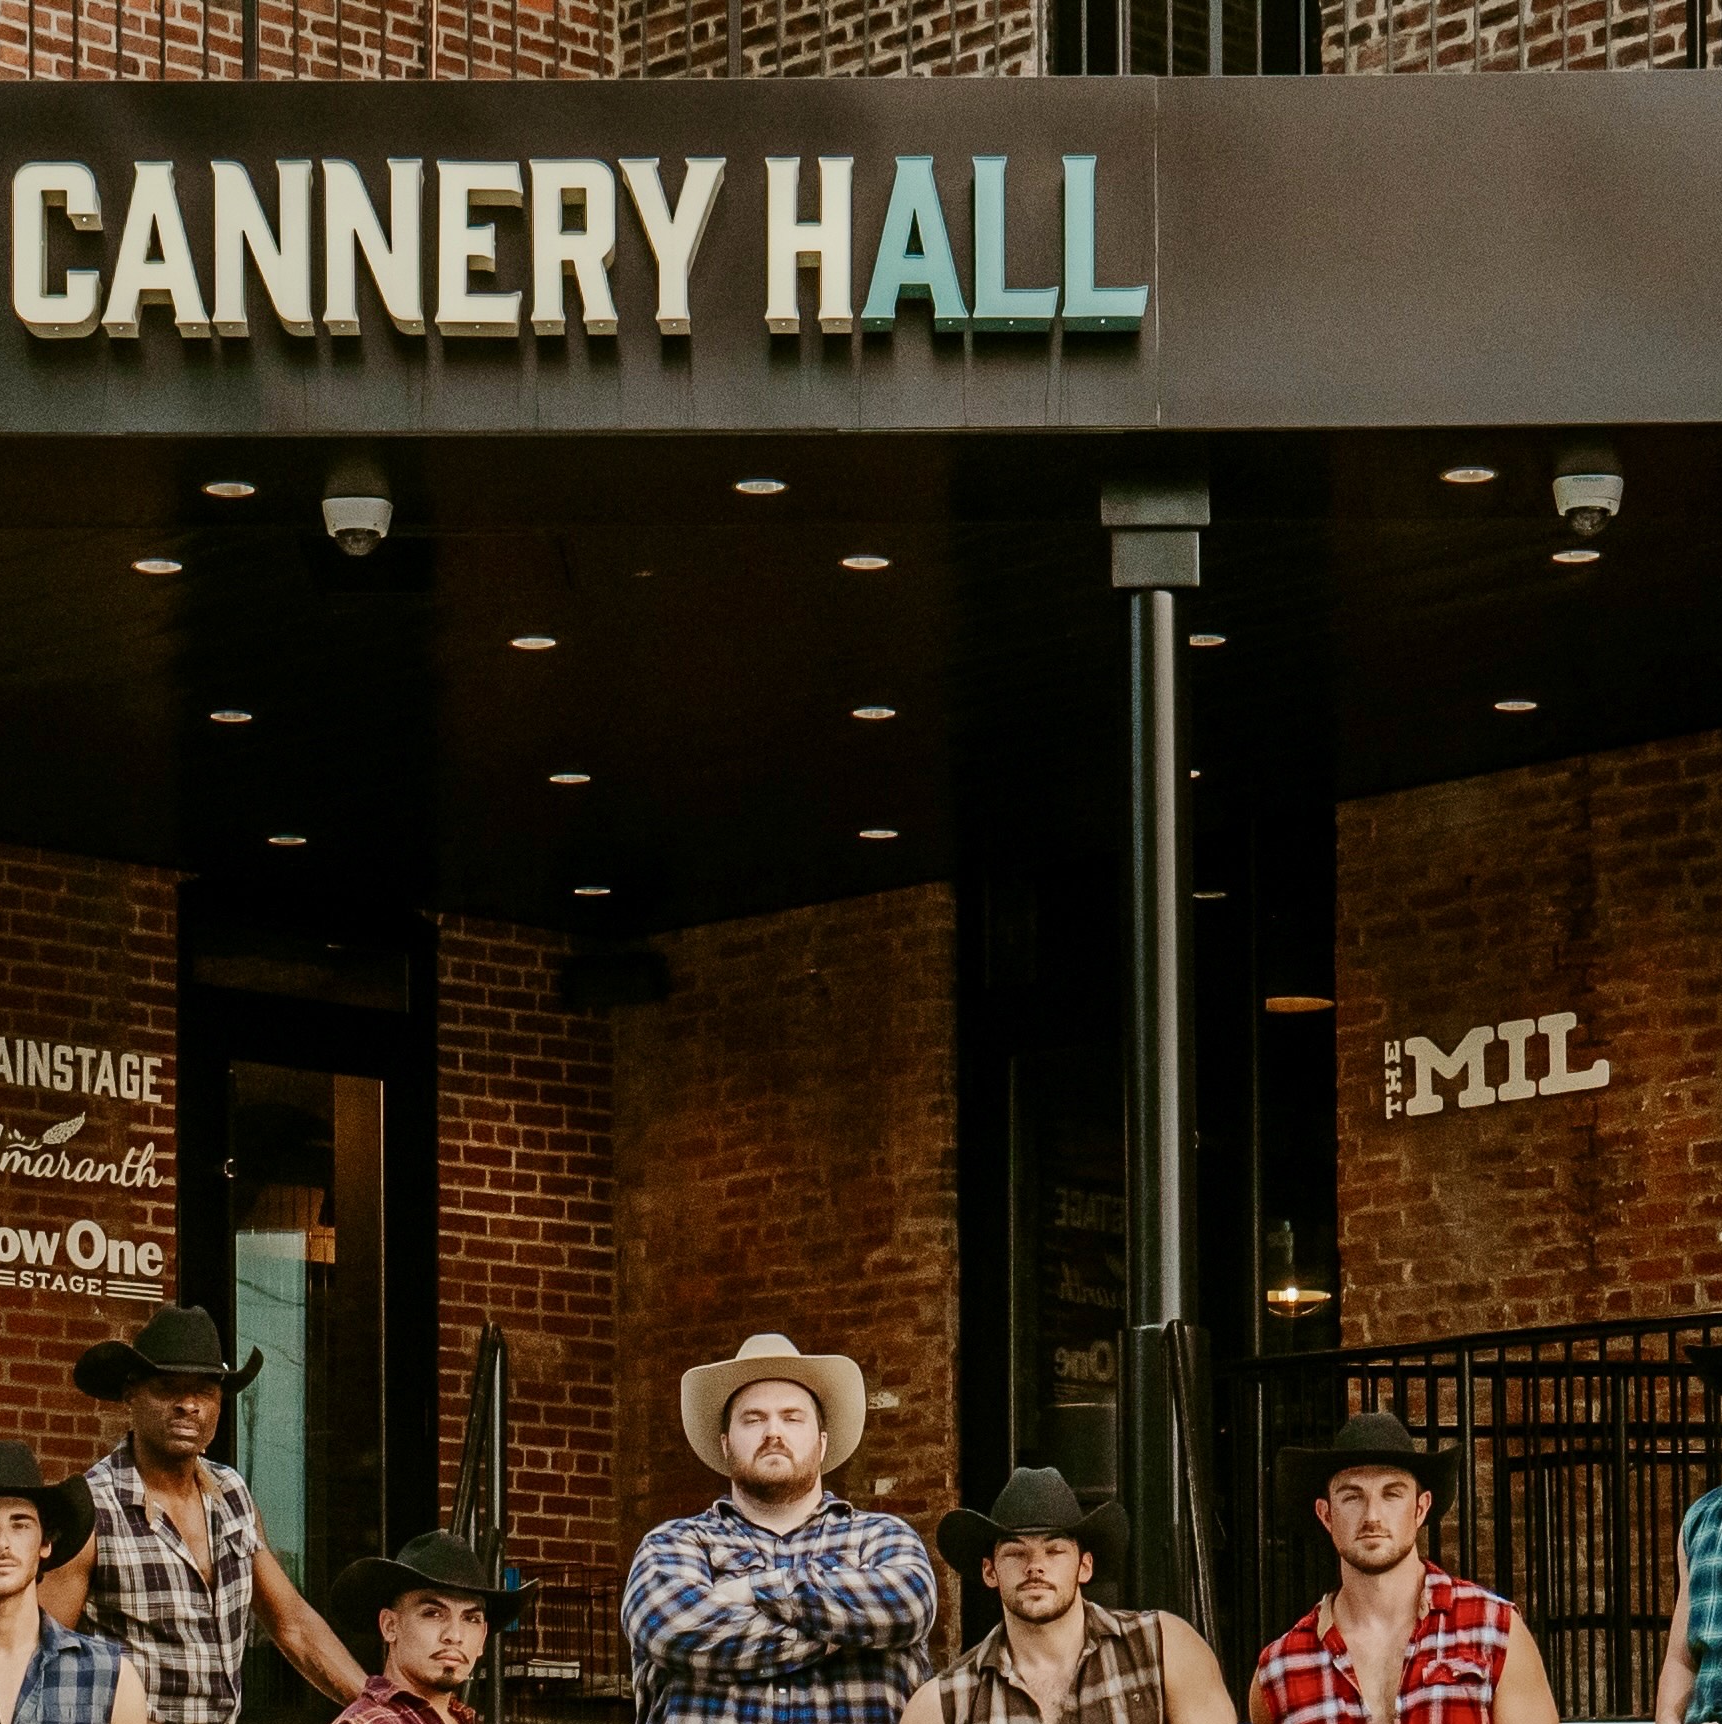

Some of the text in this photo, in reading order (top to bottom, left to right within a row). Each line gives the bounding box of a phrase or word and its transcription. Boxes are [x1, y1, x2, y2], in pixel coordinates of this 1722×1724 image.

[12, 154, 1149, 339] CANNERY HALL
[1384, 1040, 1402, 1119] THE
[1404, 1011, 1610, 1116] MIL
[19, 1271, 103, 1296] STAGE
[65, 1219, 164, 1277] One
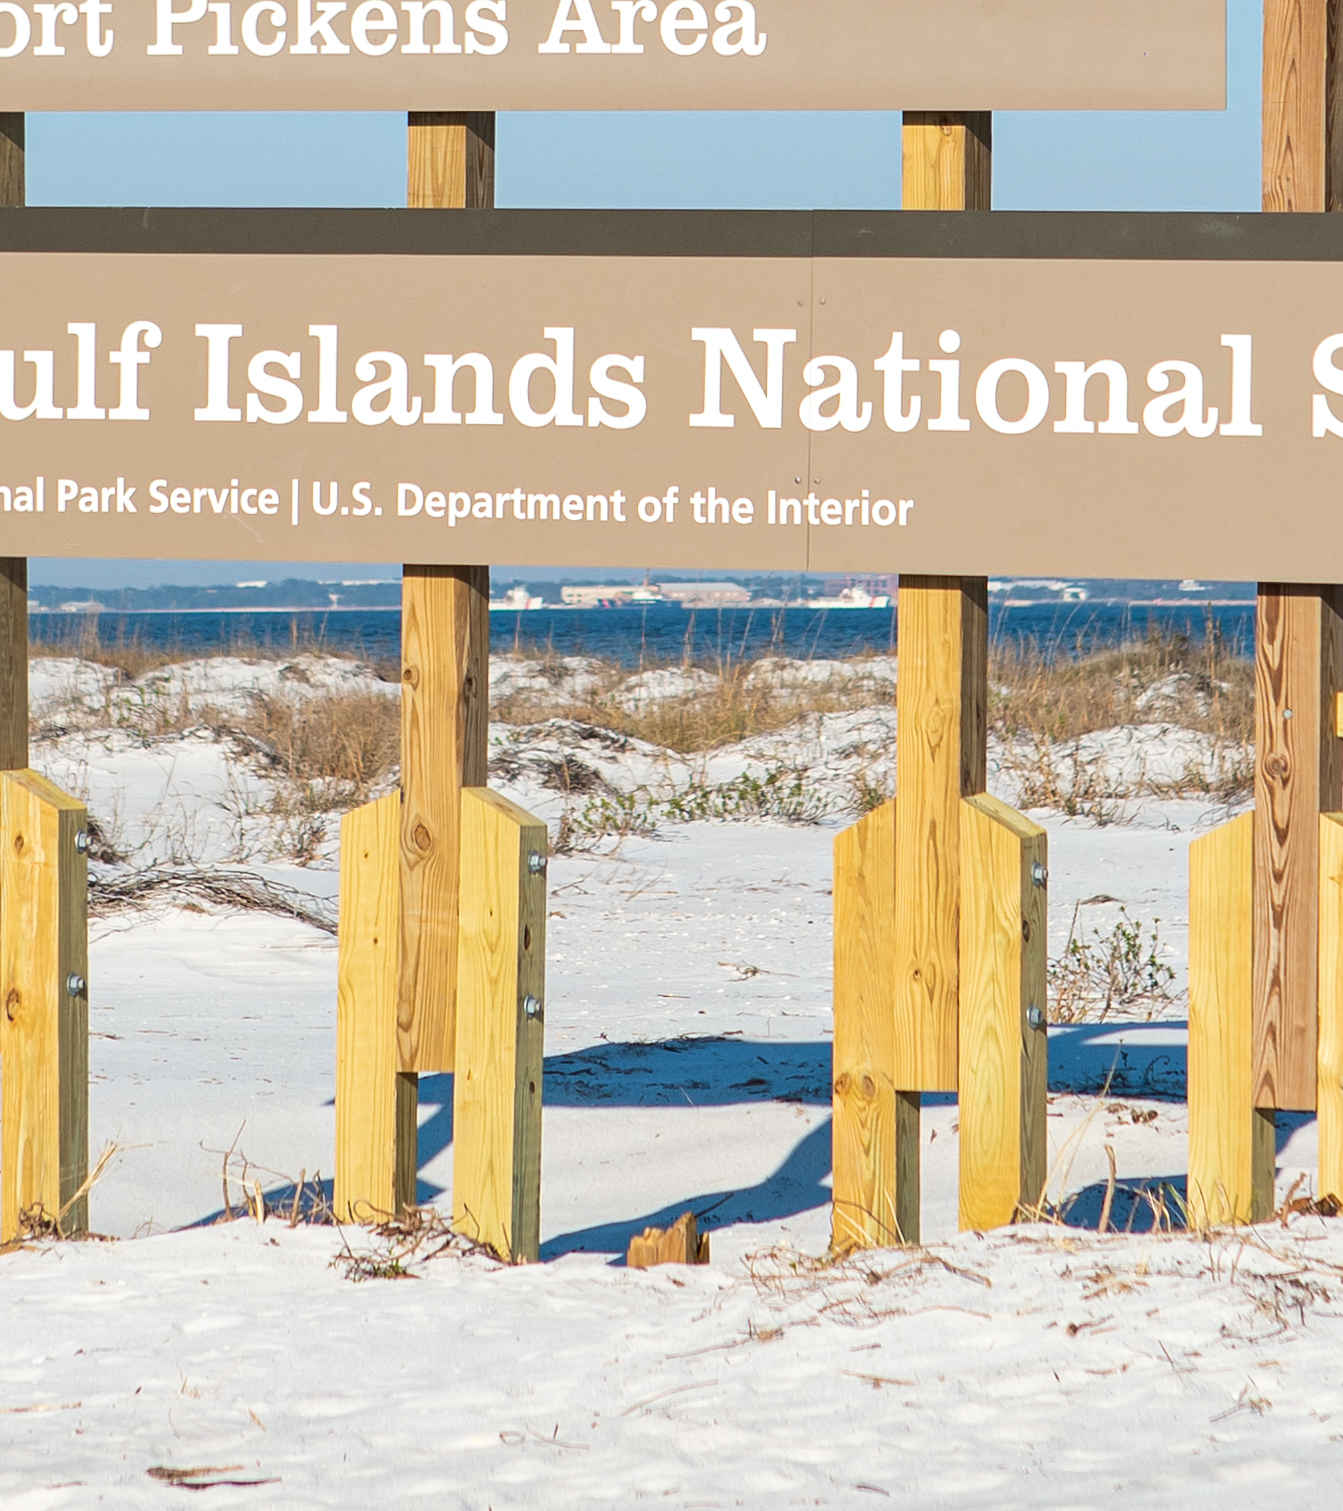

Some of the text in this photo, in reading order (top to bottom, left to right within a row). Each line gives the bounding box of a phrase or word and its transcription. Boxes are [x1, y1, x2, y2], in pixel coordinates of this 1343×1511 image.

[193, 323, 648, 431] Islands
[688, 326, 1264, 438] National
[57, 476, 138, 513] Park
[149, 478, 280, 515] Service
[311, 481, 383, 517] U.S.
[396, 482, 627, 528] Department
[637, 485, 680, 523] of
[689, 486, 755, 525] the
[766, 489, 914, 527] Interior
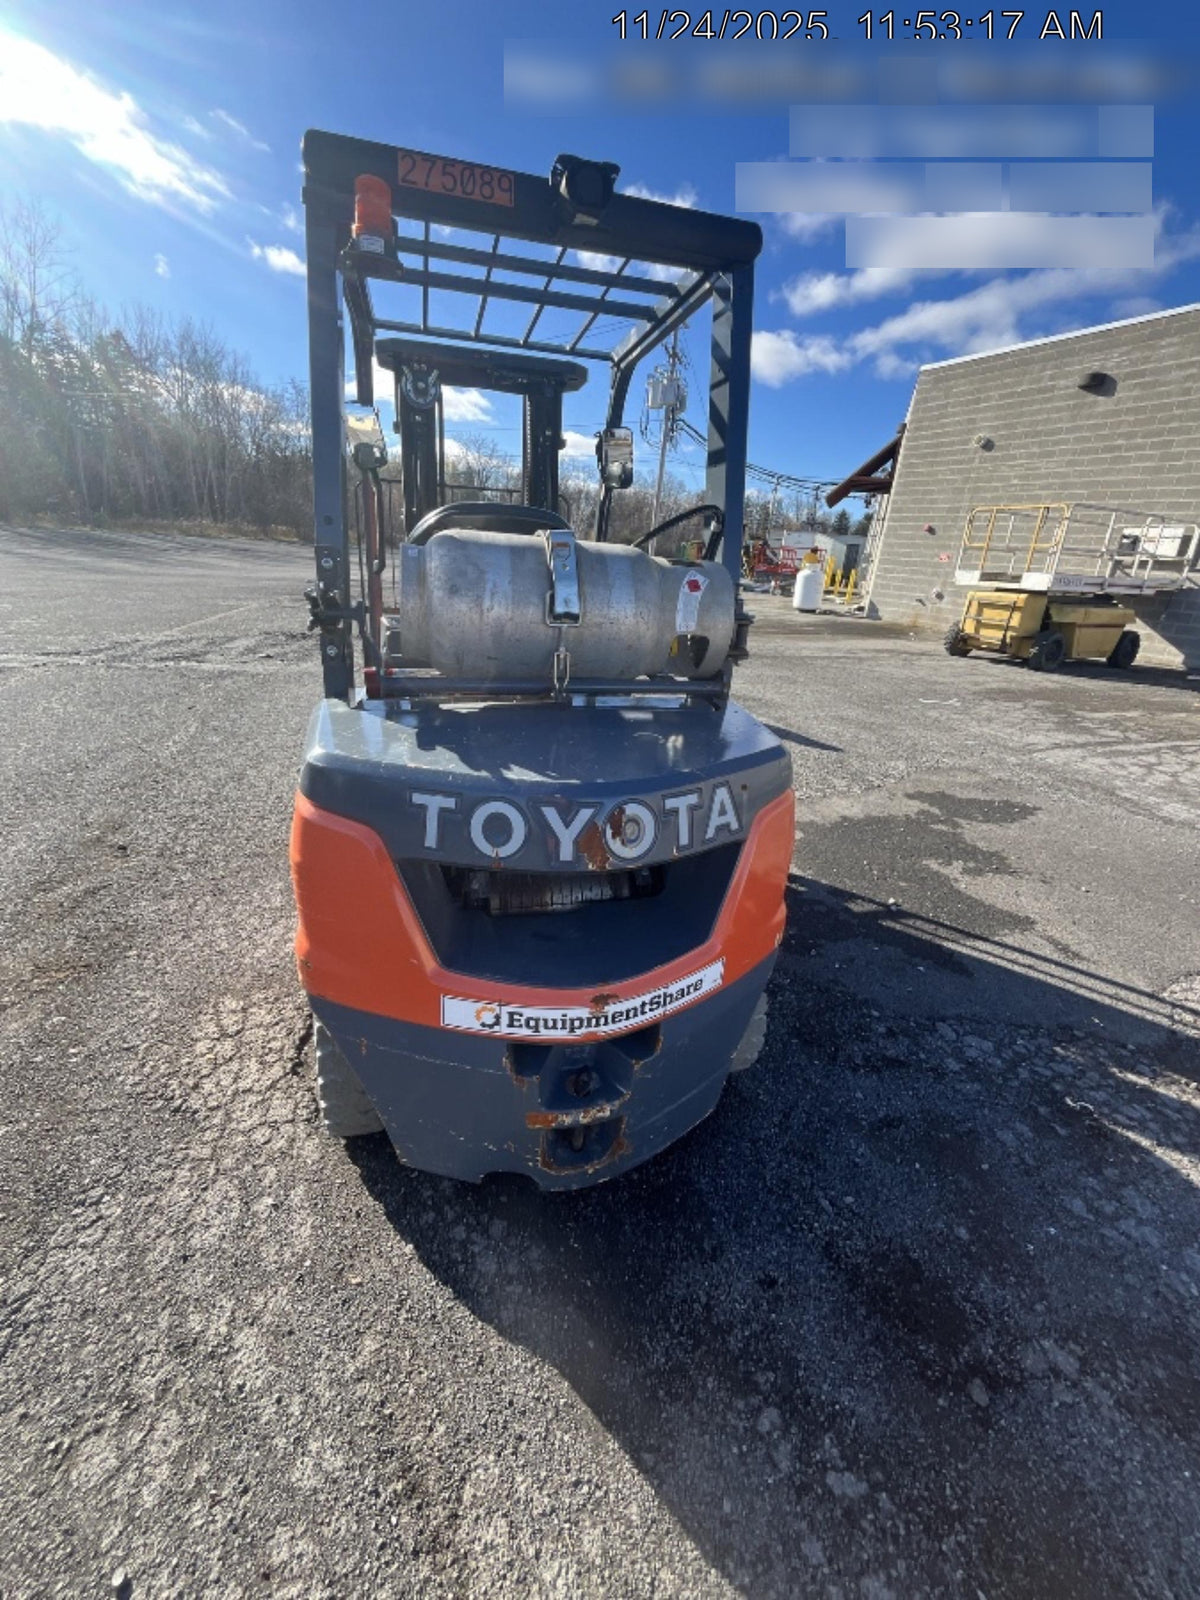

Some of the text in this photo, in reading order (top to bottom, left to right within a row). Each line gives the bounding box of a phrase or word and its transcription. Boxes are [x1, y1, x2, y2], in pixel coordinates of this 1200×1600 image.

Requirement:
Exact copies of the entries above are needed, without their pictures.

Written response:
Some of the text in this photo, in reading order (top to bottom, left to right within a row). Each line gives the bounding box of a phrase or word and its transcription. Boxes are [x1, y1, x2, y2], in pixel coordinates of this 1722×1724 image.

[12, 154, 1149, 339] CANNERY HALL
[1384, 1040, 1402, 1119] THE
[1404, 1011, 1610, 1116] MIL
[19, 1271, 103, 1296] STAGE
[65, 1219, 164, 1277] One

Some of the text in this photo, in reading order (top to bottom, left to right within a row). Each line gives the bounding box of a phrase or word and its transcription. Boxes are [x1, y1, x2, y2], in pixel coordinates of this 1343×1511 image.

[193, 323, 648, 431] Islands
[688, 326, 1264, 438] National
[57, 476, 138, 513] Park
[149, 478, 280, 515] Service
[311, 481, 383, 517] U.S.
[396, 482, 627, 528] Department
[637, 485, 680, 523] of
[689, 486, 755, 525] the
[766, 489, 914, 527] Interior

Some of the text in this photo, in reading order (top to bottom, left to right within a row). Each line gives the bounding box of a phrase or word and its transcription. Boxes are [x1, y1, x2, y2], in pixel coordinates of this 1200×1600 image.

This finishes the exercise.